Data in this exercise:
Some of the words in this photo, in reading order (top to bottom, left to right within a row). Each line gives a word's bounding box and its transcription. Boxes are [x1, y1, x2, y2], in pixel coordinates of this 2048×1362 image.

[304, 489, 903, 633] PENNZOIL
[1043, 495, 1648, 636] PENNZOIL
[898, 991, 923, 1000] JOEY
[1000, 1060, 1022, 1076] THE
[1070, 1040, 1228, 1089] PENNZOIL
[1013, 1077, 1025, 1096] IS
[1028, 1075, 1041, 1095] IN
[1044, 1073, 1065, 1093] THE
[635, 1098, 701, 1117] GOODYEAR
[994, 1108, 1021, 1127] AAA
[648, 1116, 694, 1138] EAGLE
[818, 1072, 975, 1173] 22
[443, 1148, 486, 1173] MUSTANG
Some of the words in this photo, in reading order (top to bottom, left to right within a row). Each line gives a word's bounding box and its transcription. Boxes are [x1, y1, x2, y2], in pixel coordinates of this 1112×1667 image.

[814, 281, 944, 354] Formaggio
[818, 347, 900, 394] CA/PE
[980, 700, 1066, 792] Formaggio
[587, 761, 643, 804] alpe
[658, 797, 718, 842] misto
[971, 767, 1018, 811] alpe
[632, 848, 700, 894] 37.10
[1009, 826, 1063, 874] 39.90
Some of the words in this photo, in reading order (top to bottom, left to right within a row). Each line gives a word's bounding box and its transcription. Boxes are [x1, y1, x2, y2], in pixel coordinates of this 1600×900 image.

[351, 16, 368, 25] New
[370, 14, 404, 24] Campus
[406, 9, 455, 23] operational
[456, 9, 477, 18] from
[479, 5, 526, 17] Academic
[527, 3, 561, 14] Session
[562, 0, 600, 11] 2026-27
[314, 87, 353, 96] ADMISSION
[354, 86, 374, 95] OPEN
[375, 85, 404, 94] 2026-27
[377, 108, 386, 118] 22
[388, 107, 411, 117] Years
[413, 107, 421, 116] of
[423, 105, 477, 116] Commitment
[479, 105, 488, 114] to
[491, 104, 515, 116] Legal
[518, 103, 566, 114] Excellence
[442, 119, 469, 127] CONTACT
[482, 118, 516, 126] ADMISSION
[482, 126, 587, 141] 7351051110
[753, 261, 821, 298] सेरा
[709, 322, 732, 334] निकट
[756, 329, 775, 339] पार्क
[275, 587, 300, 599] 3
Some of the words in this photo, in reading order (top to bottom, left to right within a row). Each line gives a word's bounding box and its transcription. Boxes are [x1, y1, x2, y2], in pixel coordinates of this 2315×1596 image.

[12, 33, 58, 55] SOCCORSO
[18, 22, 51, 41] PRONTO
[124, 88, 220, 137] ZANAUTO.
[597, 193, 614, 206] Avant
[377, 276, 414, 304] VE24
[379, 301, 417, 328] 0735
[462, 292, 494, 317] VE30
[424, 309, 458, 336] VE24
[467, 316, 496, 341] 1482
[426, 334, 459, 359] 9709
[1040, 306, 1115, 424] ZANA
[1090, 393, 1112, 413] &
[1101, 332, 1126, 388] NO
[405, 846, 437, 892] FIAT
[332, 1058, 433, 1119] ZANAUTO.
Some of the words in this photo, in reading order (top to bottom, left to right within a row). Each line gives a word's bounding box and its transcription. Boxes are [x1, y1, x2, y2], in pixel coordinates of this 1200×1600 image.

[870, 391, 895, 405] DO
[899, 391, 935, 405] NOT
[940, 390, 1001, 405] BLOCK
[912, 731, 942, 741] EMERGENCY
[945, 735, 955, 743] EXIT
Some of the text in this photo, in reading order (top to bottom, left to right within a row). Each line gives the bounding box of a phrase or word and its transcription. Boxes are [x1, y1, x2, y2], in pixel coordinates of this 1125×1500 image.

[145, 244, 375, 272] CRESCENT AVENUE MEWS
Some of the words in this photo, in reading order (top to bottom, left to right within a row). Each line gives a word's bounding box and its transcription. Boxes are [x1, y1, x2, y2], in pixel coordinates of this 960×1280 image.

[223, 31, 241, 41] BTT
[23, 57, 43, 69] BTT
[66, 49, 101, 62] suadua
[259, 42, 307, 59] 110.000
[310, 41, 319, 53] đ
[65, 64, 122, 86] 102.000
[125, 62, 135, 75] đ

Exercise goal: Nothing but the lines from the one holding "this 960×1280 image." to the end of the entries should be returned, each exactly as it stands.

Expected answer:
Some of the words in this photo, in reading order (top to bottom, left to right within a row). Each line gives a word's bounding box and its transcription. Boxes are [x1, y1, x2, y2], in pixel coordinates of this 960×1280 image.

[223, 31, 241, 41] BTT
[23, 57, 43, 69] BTT
[66, 49, 101, 62] suadua
[259, 42, 307, 59] 110.000
[310, 41, 319, 53] đ
[65, 64, 122, 86] 102.000
[125, 62, 135, 75] đ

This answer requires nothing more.